La traición de Florencia L.

Transcurría una semana de receso invernal sin mayores ocupaciones: el curso que dictaba en la facultad se reanudaría el veinte y no había perspectivas de ningún estreno digno de mencionar en mi columna; sólo los consabidos espectáculos infantiles. Disponía pues de siete días para haraganear en la calma de la casa sin Carla y de siete noches para compartir con ella a su regreso del taller de arte dramático. Pero al cabo de mi segundo día libre Carla apareció con dos entradas para el teatro.

Esa noche en particular mi mente se hallaba en otra parte y no recuerdo una sola de nuestras palabras; apenas presté atención al día, o al título de la obra en cuestión. Además, estaba demasiado cansado para resistirme; mis energías se habían agotado en alguna parte del segundo acto de la obra que estaba escribiendo (ya por demás insalvable) y el bloqueo había extendido mi insatisfacción al resto de mis actividades. No tenía ganas de discutir ante el hecho consumado, y lamentaba para mis adentros que una vez más los actos de Carla desbarataran sus rectas intenciones: era evidente que se proponía ayudarme a sobrellevar aquellos días de ocio, y había planeado sorprenderme al sustituir nuestras rituales idas al cine por una obra sin demasiadas pretensiones que daban en un teatro ajeno a mi circuito. Mi sorpresa no fue fingida; sí lo fue mi entusiasmo. En cuestión de minutos habíamos pasado a otro tema.

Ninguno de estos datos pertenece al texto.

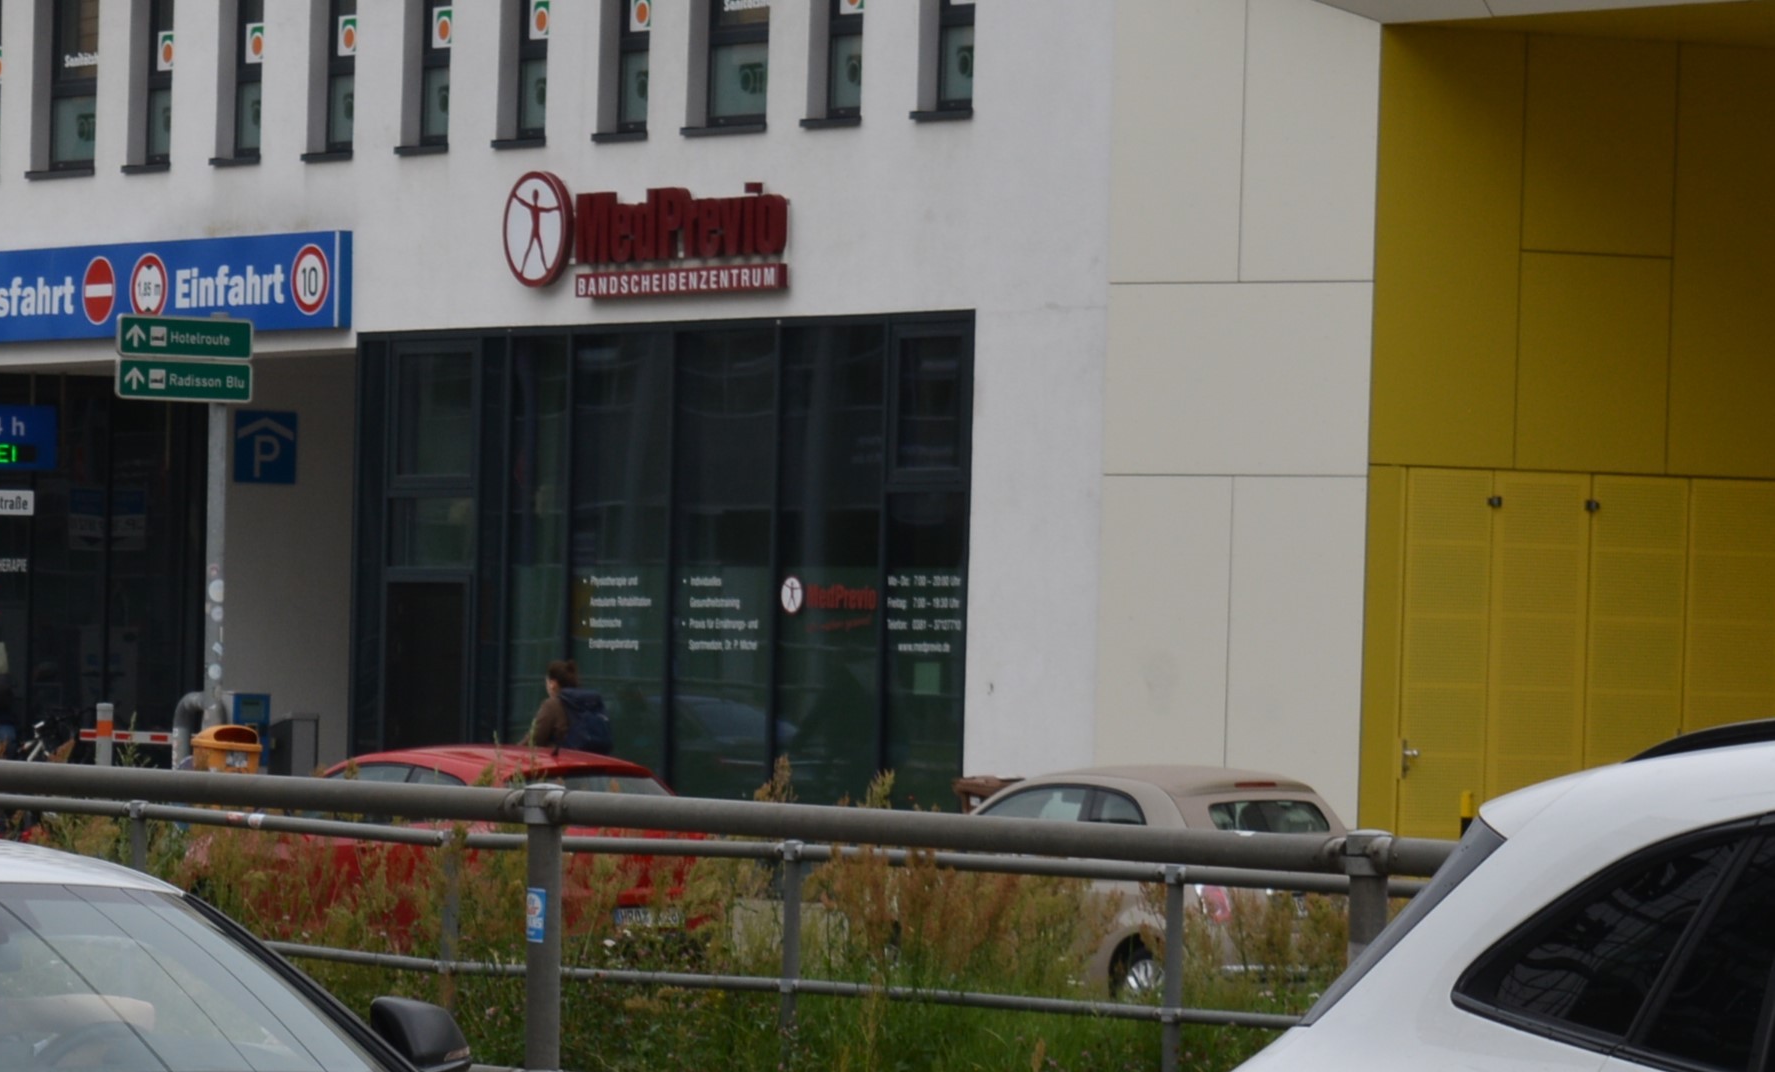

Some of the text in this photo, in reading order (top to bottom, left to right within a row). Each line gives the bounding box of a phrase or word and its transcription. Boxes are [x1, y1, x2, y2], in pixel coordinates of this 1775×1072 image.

[576, 181, 788, 264] MedPrevio
[175, 264, 285, 309] Einfahrt
[301, 266, 318, 297] 10
[578, 266, 776, 296] BANDSCHEIBENZENTRUM
[169, 331, 231, 346] Hotelroute
[169, 373, 245, 389] Radisson Blu
[12, 416, 26, 436] h
[253, 435, 280, 478] P
[806, 584, 879, 610] MedPrevio

Durante los días subsiguientes, en varias oportunidades, me sorprendí interrumpiendo mis actividades en busca de una explicación para mi fastidio de aquella noche. La primera en acudir a mi mente, la más inmediata, fue que siendo la crítica teatral mi principal ocupación, el ir al teatro no constituía una ruptura real de mi rutina. Tal vez, sin advertirlo, había permitido que mis frecuentes visitas convertieran a cada sala en una suerte de prisión. Peor aún: quizás el desempeño continuo de mi función me había vuelto incrédulo o cínico ante la magia del teatro sin que me percatara de ello.

El carácter ficticio de estos razonamientos no resistió un análisis objetivo: rara vez el teatro me había convocado con regularidad a sus estrenos (o muy honrado me habría visto en saludar su nuevo auge), mientras que la imposibilidad de creer al menos durante un par de horas en la realidad escénica habría invalidado mi sensibilidad como espectador y mi idoneidad como crítico. No; estas razones sólo servirían, en el mejor de los casos, como excusas. La verdad era otra.

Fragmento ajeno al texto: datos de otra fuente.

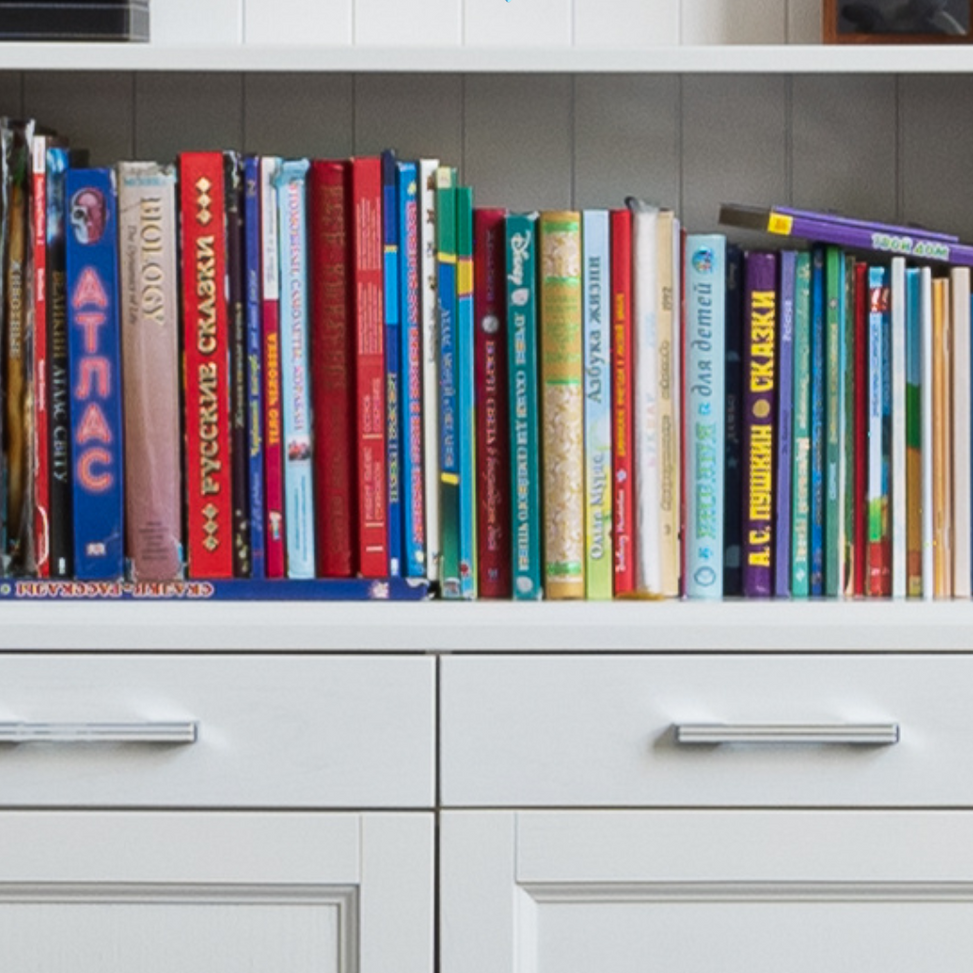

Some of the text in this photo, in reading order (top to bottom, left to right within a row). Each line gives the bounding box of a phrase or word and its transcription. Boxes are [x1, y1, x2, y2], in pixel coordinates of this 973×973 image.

[141, 198, 165, 325] BIOLOGY
[507, 229, 532, 286] Disney
[912, 239, 950, 260] ДОМ
[586, 256, 603, 404] Азбука жизни
[689, 286, 713, 356] детей
[196, 235, 221, 496] РУССКИЕ СКАЗКИ
[691, 362, 713, 401] для
[267, 409, 281, 446] ТЕЛО
[748, 291, 775, 567] А. С. ПУШКИН СКАЗКИ

La verdad... era que detestaba ir al teatro con Carla. Una parte de mí lo había descubierto hacía mucho tiempo, y si bien otros aspectos más alentadores de nuestra relación (el amor, por nombrar alguno) habían contribuido a restarle importancia al hallazgo, no habíamos vuelto a ir al teatro juntos durante años, y un tácito acuerdo nos había convertido en cinéfilos enfermizos. Una consideración aislada y desprolija de mi fastidio podría acusarlo de desmesura, pero atravesaba una época en que todo lo demás parecía señalar a Carla como mi compañera ideal, y no había podido evitar sentir un cierto desencanto al descubrir, al cabo de varias veladas juntos, que sus puntos de vista con respecto al teatro, sus gustos, e incluso su comportamiento, la habían transformado ante mis ojos en una mujer desconocida, o, por momentos, en una mujer que hubiera preferido no conocer.

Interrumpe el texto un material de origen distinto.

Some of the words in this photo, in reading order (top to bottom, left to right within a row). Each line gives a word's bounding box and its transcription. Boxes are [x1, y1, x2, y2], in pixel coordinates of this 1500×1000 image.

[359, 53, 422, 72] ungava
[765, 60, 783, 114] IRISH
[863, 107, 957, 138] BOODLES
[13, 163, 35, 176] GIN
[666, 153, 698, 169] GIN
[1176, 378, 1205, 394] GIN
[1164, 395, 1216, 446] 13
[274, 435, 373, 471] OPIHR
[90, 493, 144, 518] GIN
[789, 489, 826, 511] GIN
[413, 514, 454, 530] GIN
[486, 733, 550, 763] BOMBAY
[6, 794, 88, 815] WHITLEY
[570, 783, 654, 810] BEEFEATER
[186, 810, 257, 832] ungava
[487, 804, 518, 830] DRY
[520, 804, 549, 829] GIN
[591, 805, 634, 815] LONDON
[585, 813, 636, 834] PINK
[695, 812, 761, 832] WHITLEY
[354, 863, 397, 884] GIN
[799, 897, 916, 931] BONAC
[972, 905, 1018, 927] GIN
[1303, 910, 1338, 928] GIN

Resolví hacer lo posible por olvidar el asunto, a fin de que la noche del estreno (estreno, para colmo de males) me sorprendiera sin malas predisposiciones. No obstante, más de una vez fui presa de una indefinible sensación de familiaridad, imposible de asociar con certeza a la obra en sí -a cuyo título había resuelto no prestar atención- o a algún otro espectáculo presenciado con Carla. Conforme a mi propósito, me resistí a racionalizar el falso recuerdo, y me dediqué en cambio a revisar el cronograma de mi segundo cuatrimestre de clases. Me veía obligado a admitir que, de una extraña manera, la invitación de Carla había conferido a mis ocupaciones una coherencia y una finalidad de la que antes carecían: mis esfuerzos por olvidar la ida al teatro y mis deseos de que ya fuera historia contribuían efectivamente a centrar mi atención en el trabajo, y el tiempo, imperceptible, pasaba.

De repente fue viernes; a su regreso del taller, Carla me encontró ya vestido para salir (a su gusto), revisando otra vez el manuscrito de mi obra, y de inusual buen humor. Decidí llevarla a comer afuera antes del teatro; pensé en algún lugar tranquilo y cercano. Hubo música, velas y vino, ilusiones y recuerdos. Camino del teatro, cuando cruzábamos el parque en silencio, me sorprendí mirando el brillo de los ojos de Carla bajo la luz de la luna filtrada por los árboles. Estaba realmente espléndida esa noche. Pero a medida que nuestros pasos nos acercaban, inexorables, al tumulto que se había dado cita en el Ateneo, la noche idílica se fue desvaneciendo, y cuando llegamos al teatro la despiadada luz de las marquesinas desplazó a la de la luna.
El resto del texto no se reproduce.